[Records from a collection]
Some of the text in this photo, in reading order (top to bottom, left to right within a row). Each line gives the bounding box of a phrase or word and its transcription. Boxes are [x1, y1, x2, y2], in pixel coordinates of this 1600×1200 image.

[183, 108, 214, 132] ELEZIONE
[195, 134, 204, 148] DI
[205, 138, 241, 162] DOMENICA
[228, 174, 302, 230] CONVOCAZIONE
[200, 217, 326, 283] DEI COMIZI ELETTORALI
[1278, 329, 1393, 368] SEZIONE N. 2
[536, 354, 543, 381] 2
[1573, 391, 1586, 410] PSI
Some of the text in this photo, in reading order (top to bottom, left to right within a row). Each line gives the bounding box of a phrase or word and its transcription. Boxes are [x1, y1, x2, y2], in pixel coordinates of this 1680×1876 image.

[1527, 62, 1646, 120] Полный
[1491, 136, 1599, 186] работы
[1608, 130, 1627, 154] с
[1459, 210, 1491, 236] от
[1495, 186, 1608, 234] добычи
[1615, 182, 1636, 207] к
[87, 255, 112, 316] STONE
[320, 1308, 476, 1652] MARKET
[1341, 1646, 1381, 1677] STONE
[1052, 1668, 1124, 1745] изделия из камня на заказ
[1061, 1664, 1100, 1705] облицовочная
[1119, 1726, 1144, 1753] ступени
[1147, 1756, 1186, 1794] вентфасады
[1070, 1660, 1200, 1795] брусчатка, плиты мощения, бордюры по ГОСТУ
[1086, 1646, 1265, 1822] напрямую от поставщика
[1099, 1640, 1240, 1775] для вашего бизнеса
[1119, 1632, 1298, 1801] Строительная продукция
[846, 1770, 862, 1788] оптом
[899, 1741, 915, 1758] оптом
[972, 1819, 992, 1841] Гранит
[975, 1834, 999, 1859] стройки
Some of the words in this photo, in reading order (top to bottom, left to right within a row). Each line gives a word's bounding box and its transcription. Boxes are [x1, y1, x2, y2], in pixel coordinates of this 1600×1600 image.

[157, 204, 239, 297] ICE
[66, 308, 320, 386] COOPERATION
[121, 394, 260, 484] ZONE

ASSIGNMENT: Your reply should consist only of the lines from the one containing "Some of the words" through the last line of the records, each reproduced exactly.

RESULT OF THE TASK:
Some of the words in this photo, in reading order (top to bottom, left to right within a row). Each line gives a word's bounding box and its transcription. Boxes are [x1, y1, x2, y2], in pixel coordinates of this 1600×1600 image.

[157, 204, 239, 297] ICE
[66, 308, 320, 386] COOPERATION
[121, 394, 260, 484] ZONE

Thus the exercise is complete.